According to X-ray crystallography, the solid compound consists of Ag+ centers bound to four fluoride sites of the BF4-.

==Preparation==
Silver tetrafluoroborate can be prepared by several methods. A simple route entails dissolving silver carbonate (Ag2CO3) in aqueous tetrafluoroboric acid (HBF4). It can also be produced by treating silver(I) fluoride (AgF) with boron trifluoride in nitromethane (CH3NO2) solution. The reaction between boron trifluoride (BF3) and a benzene suspension of silver oxide (Ag2O) is yet another route, one that exploits the solubility of the compound in benzene.
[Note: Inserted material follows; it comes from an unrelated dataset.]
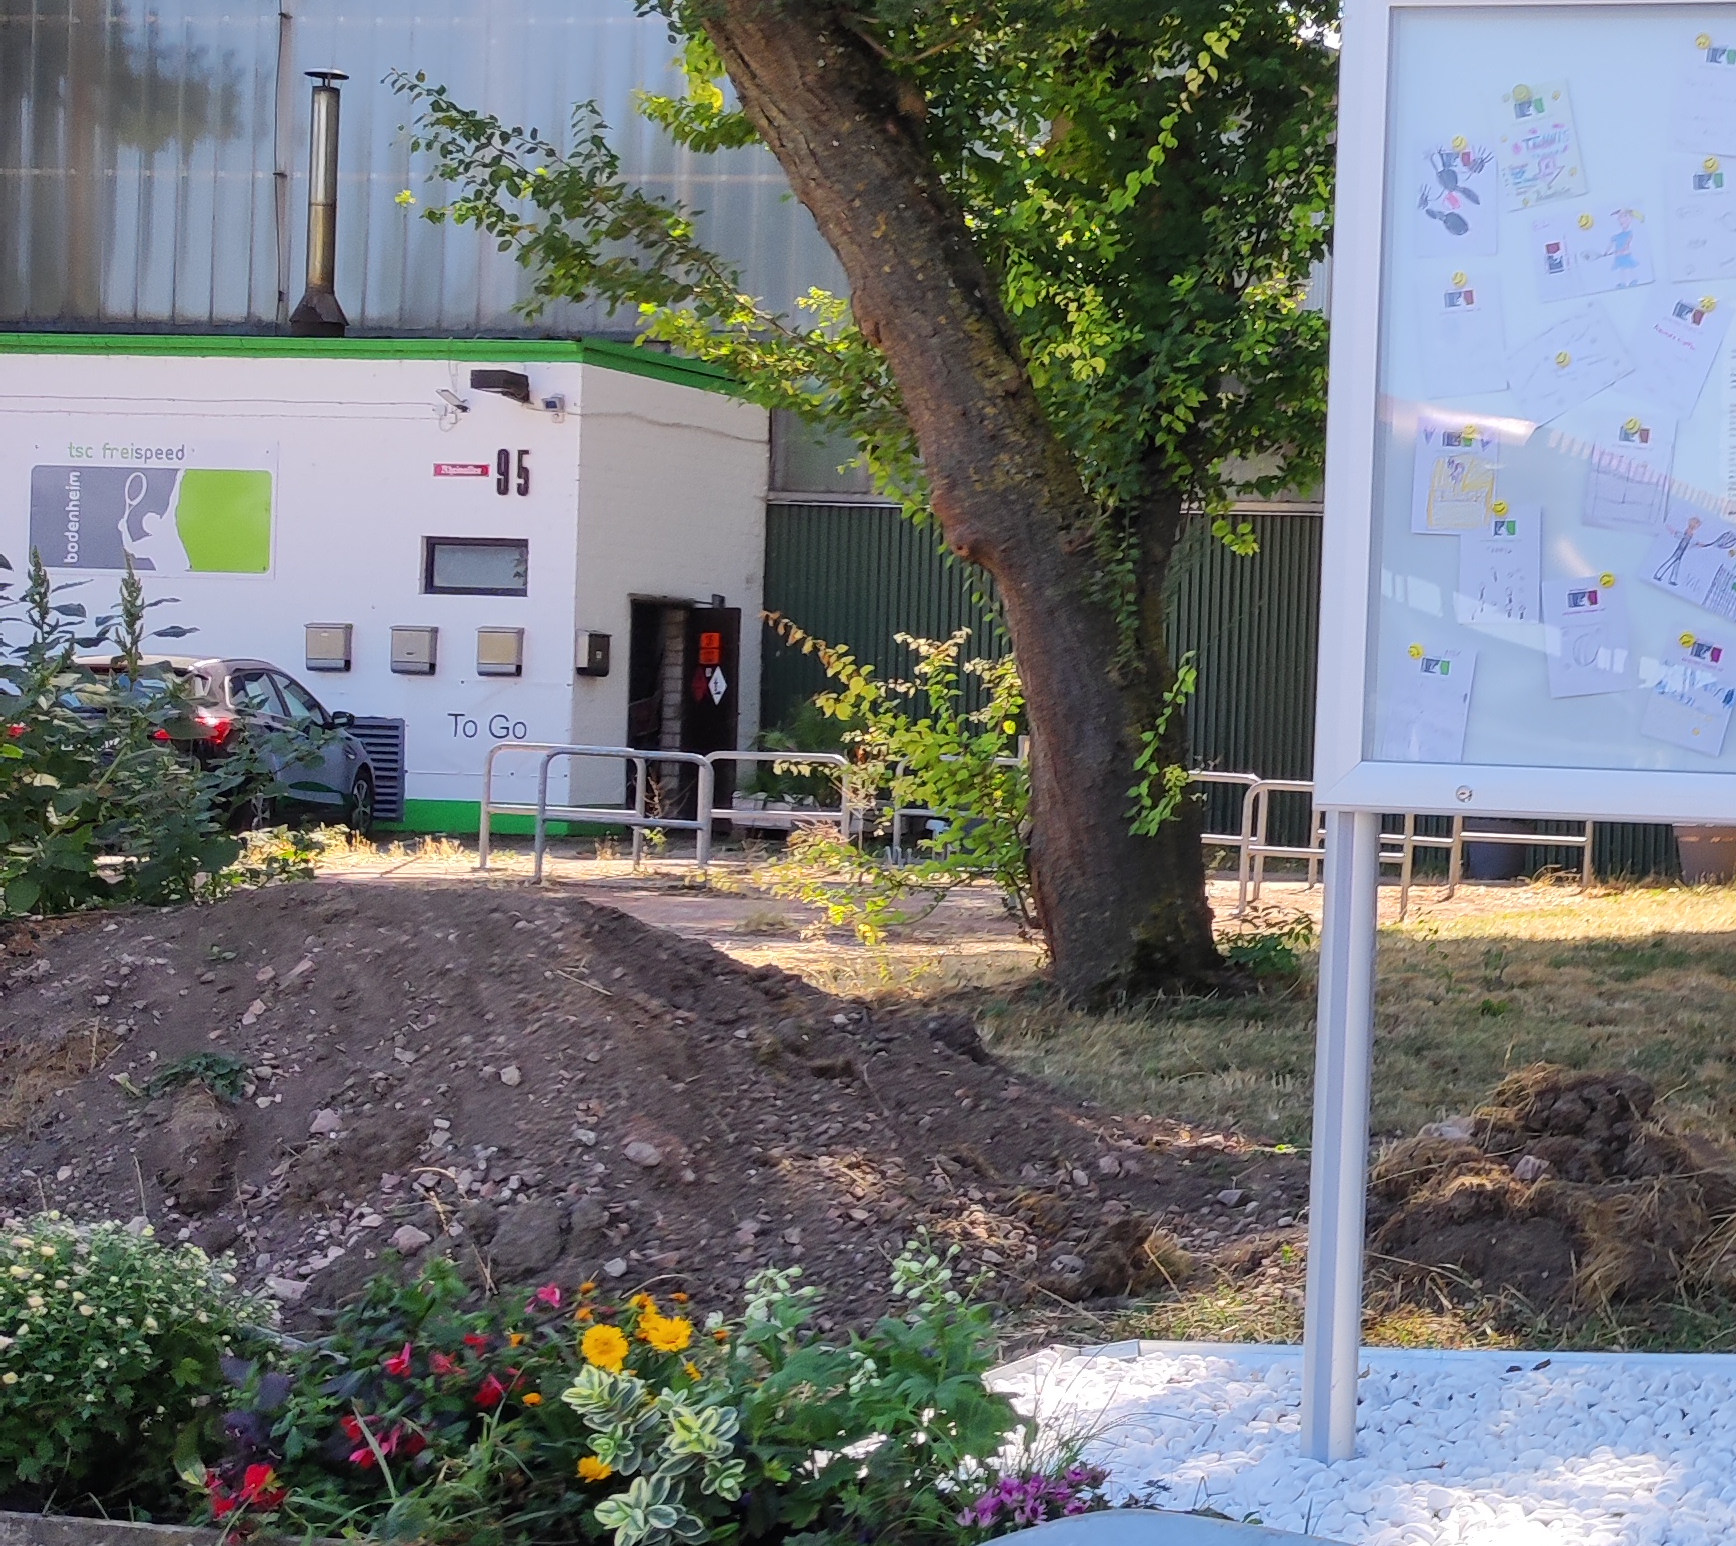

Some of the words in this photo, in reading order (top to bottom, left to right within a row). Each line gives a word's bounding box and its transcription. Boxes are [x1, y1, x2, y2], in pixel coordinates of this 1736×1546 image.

This method however affords silver fulminate (AgCNO), a sensitive explosive.

==Laboratory uses==
In the inorganic and organometallic chemistry laboratory, silver tetrafluoroborate, sometimes referred to "silver BF-4", is a used as a reagent to remove halide ligands and to oxidize electron-rich complexes. In dichloromethane, silver tetrafluoroborate is a moderately strong oxidant. Similar to silver hexafluorophosphate (AgPF6), it is commonly used to replace halide anions or ligands with the weakly coordinating tetrafluoroborate anions. The abstraction of the halide is driven by the precipitation of the corresponding silver halide.